*** Exercise inputs Section Begins ***

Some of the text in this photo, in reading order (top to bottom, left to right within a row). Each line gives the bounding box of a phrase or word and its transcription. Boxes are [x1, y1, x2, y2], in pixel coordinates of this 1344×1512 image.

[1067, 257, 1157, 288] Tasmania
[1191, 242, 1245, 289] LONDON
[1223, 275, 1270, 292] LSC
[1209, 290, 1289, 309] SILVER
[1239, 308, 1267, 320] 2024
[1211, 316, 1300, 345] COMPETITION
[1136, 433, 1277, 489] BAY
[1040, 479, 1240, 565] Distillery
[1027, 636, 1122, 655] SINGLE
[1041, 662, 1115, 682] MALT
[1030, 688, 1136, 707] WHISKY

*** Exercise inputs Section Ends ***

Quote the data in full, keeping each word unchanged.

Some of the text in this photo, in reading order (top to bottom, left to right within a row). Each line gives the bounding box of a phrase or word and its transcription. Boxes are [x1, y1, x2, y2], in pixel coordinates of this 1344×1512 image.

[1067, 257, 1157, 288] Tasmania
[1191, 242, 1245, 289] LONDON
[1223, 275, 1270, 292] LSC
[1209, 290, 1289, 309] SILVER
[1239, 308, 1267, 320] 2024
[1211, 316, 1300, 345] COMPETITION
[1136, 433, 1277, 489] BAY
[1040, 479, 1240, 565] Distillery
[1027, 636, 1122, 655] SINGLE
[1041, 662, 1115, 682] MALT
[1030, 688, 1136, 707] WHISKY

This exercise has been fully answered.